| Your assignment |
Copy out the listing below so that each line matches exactly.

(Beginning of Given entries)

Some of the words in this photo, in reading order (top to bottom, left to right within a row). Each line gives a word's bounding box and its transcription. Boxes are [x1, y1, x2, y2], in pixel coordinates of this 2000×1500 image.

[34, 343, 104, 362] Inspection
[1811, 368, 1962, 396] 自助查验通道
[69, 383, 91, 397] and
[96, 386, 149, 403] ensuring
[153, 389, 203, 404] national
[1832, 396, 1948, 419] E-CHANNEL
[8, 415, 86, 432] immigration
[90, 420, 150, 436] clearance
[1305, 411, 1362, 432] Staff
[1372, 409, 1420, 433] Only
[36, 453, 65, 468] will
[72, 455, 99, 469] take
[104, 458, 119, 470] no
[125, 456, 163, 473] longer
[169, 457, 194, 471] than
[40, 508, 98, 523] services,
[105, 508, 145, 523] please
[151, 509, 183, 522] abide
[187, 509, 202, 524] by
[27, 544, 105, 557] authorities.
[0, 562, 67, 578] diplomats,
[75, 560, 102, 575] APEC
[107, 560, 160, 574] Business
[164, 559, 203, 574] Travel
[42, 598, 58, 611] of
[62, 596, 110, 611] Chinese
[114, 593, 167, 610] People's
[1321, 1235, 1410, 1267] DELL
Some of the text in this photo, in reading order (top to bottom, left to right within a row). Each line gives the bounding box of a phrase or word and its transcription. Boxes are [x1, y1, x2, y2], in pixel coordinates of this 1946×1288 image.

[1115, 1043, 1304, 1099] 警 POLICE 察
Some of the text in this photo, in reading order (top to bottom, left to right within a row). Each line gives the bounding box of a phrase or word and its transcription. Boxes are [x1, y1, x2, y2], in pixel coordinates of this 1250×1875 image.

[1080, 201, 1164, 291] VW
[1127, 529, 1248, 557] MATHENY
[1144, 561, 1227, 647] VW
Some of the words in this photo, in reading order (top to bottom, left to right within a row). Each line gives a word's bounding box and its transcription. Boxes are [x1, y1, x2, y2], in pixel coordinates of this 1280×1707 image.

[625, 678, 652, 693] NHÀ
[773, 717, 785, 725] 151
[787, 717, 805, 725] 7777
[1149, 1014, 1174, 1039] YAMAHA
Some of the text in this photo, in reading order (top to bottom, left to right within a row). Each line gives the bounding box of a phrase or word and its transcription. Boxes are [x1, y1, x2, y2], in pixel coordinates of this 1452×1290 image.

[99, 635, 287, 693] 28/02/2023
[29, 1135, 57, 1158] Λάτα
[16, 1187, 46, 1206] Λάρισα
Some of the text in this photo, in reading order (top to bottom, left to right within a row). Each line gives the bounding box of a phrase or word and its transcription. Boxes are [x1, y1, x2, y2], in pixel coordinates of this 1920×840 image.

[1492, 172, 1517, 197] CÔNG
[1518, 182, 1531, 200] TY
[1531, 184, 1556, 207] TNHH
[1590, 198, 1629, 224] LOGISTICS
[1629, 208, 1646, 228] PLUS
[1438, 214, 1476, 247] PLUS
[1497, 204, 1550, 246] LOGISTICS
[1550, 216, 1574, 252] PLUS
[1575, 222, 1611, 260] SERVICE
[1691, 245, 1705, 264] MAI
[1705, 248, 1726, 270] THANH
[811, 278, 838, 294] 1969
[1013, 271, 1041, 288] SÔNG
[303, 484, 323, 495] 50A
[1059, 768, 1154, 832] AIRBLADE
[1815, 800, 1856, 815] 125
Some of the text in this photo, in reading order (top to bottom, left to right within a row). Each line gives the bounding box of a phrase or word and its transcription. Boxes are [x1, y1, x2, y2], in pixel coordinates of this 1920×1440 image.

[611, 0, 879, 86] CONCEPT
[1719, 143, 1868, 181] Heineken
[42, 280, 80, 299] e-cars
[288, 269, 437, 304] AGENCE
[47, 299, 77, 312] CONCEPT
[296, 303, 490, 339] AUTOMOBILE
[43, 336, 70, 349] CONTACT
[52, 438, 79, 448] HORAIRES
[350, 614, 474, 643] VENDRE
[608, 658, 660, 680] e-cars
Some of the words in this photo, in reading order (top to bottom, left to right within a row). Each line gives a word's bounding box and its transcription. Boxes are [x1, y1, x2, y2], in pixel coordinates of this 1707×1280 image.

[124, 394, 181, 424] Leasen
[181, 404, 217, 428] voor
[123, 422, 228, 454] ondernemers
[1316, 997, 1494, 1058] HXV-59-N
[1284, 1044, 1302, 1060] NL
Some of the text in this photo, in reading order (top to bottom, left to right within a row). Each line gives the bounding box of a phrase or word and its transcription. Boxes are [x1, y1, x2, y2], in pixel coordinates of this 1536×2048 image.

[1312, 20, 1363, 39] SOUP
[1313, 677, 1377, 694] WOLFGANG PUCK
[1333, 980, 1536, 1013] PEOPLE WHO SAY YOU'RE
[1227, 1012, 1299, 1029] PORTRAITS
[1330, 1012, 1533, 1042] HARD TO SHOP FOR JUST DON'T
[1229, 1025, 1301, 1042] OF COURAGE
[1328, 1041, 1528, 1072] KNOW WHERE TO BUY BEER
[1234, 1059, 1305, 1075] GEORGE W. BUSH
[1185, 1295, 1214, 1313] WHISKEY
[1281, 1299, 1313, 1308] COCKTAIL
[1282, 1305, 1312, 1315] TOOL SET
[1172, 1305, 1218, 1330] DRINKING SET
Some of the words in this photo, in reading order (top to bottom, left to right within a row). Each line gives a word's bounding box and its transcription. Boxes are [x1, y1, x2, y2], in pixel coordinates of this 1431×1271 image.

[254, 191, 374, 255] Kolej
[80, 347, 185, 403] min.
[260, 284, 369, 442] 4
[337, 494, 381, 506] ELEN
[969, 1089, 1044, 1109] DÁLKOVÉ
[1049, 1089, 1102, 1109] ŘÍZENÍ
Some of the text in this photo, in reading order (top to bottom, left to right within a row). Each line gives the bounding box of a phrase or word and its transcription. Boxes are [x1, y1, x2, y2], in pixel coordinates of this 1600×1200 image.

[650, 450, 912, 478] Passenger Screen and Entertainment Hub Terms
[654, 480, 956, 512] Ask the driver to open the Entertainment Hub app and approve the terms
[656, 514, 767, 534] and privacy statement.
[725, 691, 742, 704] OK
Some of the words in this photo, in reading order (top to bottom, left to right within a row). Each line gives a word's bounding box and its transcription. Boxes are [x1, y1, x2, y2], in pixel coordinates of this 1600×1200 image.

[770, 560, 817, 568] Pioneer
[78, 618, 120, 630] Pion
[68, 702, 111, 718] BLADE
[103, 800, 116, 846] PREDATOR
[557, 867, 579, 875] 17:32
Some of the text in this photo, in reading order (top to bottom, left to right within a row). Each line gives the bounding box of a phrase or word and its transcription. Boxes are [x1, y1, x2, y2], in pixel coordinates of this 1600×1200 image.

(End of Given entries)

| Exercise answer |
Some of the words in this photo, in reading order (top to bottom, left to right within a row). Each line gives a word's bounding box and its transcription. Boxes are [x1, y1, x2, y2], in pixel coordinates of this 2000×1500 image.

[34, 343, 104, 362] Inspection
[1811, 368, 1962, 396] 自助查验通道
[69, 383, 91, 397] and
[96, 386, 149, 403] ensuring
[153, 389, 203, 404] national
[1832, 396, 1948, 419] E-CHANNEL
[8, 415, 86, 432] immigration
[90, 420, 150, 436] clearance
[1305, 411, 1362, 432] Staff
[1372, 409, 1420, 433] Only
[36, 453, 65, 468] will
[72, 455, 99, 469] take
[104, 458, 119, 470] no
[125, 456, 163, 473] longer
[169, 457, 194, 471] than
[40, 508, 98, 523] services,
[105, 508, 145, 523] please
[151, 509, 183, 522] abide
[187, 509, 202, 524] by
[27, 544, 105, 557] authorities.
[0, 562, 67, 578] diplomats,
[75, 560, 102, 575] APEC
[107, 560, 160, 574] Business
[164, 559, 203, 574] Travel
[42, 598, 58, 611] of
[62, 596, 110, 611] Chinese
[114, 593, 167, 610] People's
[1321, 1235, 1410, 1267] DELL
Some of the text in this photo, in reading order (top to bottom, left to right within a row). Each line gives the bounding box of a phrase or word and its transcription. Boxes are [x1, y1, x2, y2], in pixel coordinates of this 1946×1288 image.

[1115, 1043, 1304, 1099] 警 POLICE 察
Some of the text in this photo, in reading order (top to bottom, left to right within a row). Each line gives the bounding box of a phrase or word and its transcription. Boxes are [x1, y1, x2, y2], in pixel coordinates of this 1250×1875 image.

[1080, 201, 1164, 291] VW
[1127, 529, 1248, 557] MATHENY
[1144, 561, 1227, 647] VW
Some of the words in this photo, in reading order (top to bottom, left to right within a row). Each line gives a word's bounding box and its transcription. Boxes are [x1, y1, x2, y2], in pixel coordinates of this 1280×1707 image.

[625, 678, 652, 693] NHÀ
[773, 717, 785, 725] 151
[787, 717, 805, 725] 7777
[1149, 1014, 1174, 1039] YAMAHA
Some of the text in this photo, in reading order (top to bottom, left to right within a row). Each line gives the bounding box of a phrase or word and its transcription. Boxes are [x1, y1, x2, y2], in pixel coordinates of this 1452×1290 image.

[99, 635, 287, 693] 28/02/2023
[29, 1135, 57, 1158] Λάτα
[16, 1187, 46, 1206] Λάρισα
Some of the text in this photo, in reading order (top to bottom, left to right within a row). Each line gives the bounding box of a phrase or word and its transcription. Boxes are [x1, y1, x2, y2], in pixel coordinates of this 1920×840 image.

[1492, 172, 1517, 197] CÔNG
[1518, 182, 1531, 200] TY
[1531, 184, 1556, 207] TNHH
[1590, 198, 1629, 224] LOGISTICS
[1629, 208, 1646, 228] PLUS
[1438, 214, 1476, 247] PLUS
[1497, 204, 1550, 246] LOGISTICS
[1550, 216, 1574, 252] PLUS
[1575, 222, 1611, 260] SERVICE
[1691, 245, 1705, 264] MAI
[1705, 248, 1726, 270] THANH
[811, 278, 838, 294] 1969
[1013, 271, 1041, 288] SÔNG
[303, 484, 323, 495] 50A
[1059, 768, 1154, 832] AIRBLADE
[1815, 800, 1856, 815] 125
Some of the text in this photo, in reading order (top to bottom, left to right within a row). Each line gives the bounding box of a phrase or word and its transcription. Boxes are [x1, y1, x2, y2], in pixel coordinates of this 1920×1440 image.

[611, 0, 879, 86] CONCEPT
[1719, 143, 1868, 181] Heineken
[42, 280, 80, 299] e-cars
[288, 269, 437, 304] AGENCE
[47, 299, 77, 312] CONCEPT
[296, 303, 490, 339] AUTOMOBILE
[43, 336, 70, 349] CONTACT
[52, 438, 79, 448] HORAIRES
[350, 614, 474, 643] VENDRE
[608, 658, 660, 680] e-cars
Some of the words in this photo, in reading order (top to bottom, left to right within a row). Each line gives a word's bounding box and its transcription. Boxes are [x1, y1, x2, y2], in pixel coordinates of this 1707×1280 image.

[124, 394, 181, 424] Leasen
[181, 404, 217, 428] voor
[123, 422, 228, 454] ondernemers
[1316, 997, 1494, 1058] HXV-59-N
[1284, 1044, 1302, 1060] NL
Some of the text in this photo, in reading order (top to bottom, left to right within a row). Each line gives the bounding box of a phrase or word and its transcription. Boxes are [x1, y1, x2, y2], in pixel coordinates of this 1536×2048 image.

[1312, 20, 1363, 39] SOUP
[1313, 677, 1377, 694] WOLFGANG PUCK
[1333, 980, 1536, 1013] PEOPLE WHO SAY YOU'RE
[1227, 1012, 1299, 1029] PORTRAITS
[1330, 1012, 1533, 1042] HARD TO SHOP FOR JUST DON'T
[1229, 1025, 1301, 1042] OF COURAGE
[1328, 1041, 1528, 1072] KNOW WHERE TO BUY BEER
[1234, 1059, 1305, 1075] GEORGE W. BUSH
[1185, 1295, 1214, 1313] WHISKEY
[1281, 1299, 1313, 1308] COCKTAIL
[1282, 1305, 1312, 1315] TOOL SET
[1172, 1305, 1218, 1330] DRINKING SET
Some of the words in this photo, in reading order (top to bottom, left to right within a row). Each line gives a word's bounding box and its transcription. Boxes are [x1, y1, x2, y2], in pixel coordinates of this 1431×1271 image.

[254, 191, 374, 255] Kolej
[80, 347, 185, 403] min.
[260, 284, 369, 442] 4
[337, 494, 381, 506] ELEN
[969, 1089, 1044, 1109] DÁLKOVÉ
[1049, 1089, 1102, 1109] ŘÍZENÍ
Some of the text in this photo, in reading order (top to bottom, left to right within a row). Each line gives the bounding box of a phrase or word and its transcription. Boxes are [x1, y1, x2, y2], in pixel coordinates of this 1600×1200 image.

[650, 450, 912, 478] Passenger Screen and Entertainment Hub Terms
[654, 480, 956, 512] Ask the driver to open the Entertainment Hub app and approve the terms
[656, 514, 767, 534] and privacy statement.
[725, 691, 742, 704] OK
Some of the words in this photo, in reading order (top to bottom, left to right within a row). Each line gives a word's bounding box and its transcription. Boxes are [x1, y1, x2, y2], in pixel coordinates of this 1600×1200 image.

[770, 560, 817, 568] Pioneer
[78, 618, 120, 630] Pion
[68, 702, 111, 718] BLADE
[103, 800, 116, 846] PREDATOR
[557, 867, 579, 875] 17:32
Some of the text in this photo, in reading order (top to bottom, left to right within a row). Each line gives the bounding box of a phrase or word and its transcription. Boxes are [x1, y1, x2, y2], in pixel coordinates of this 1600×1200 image.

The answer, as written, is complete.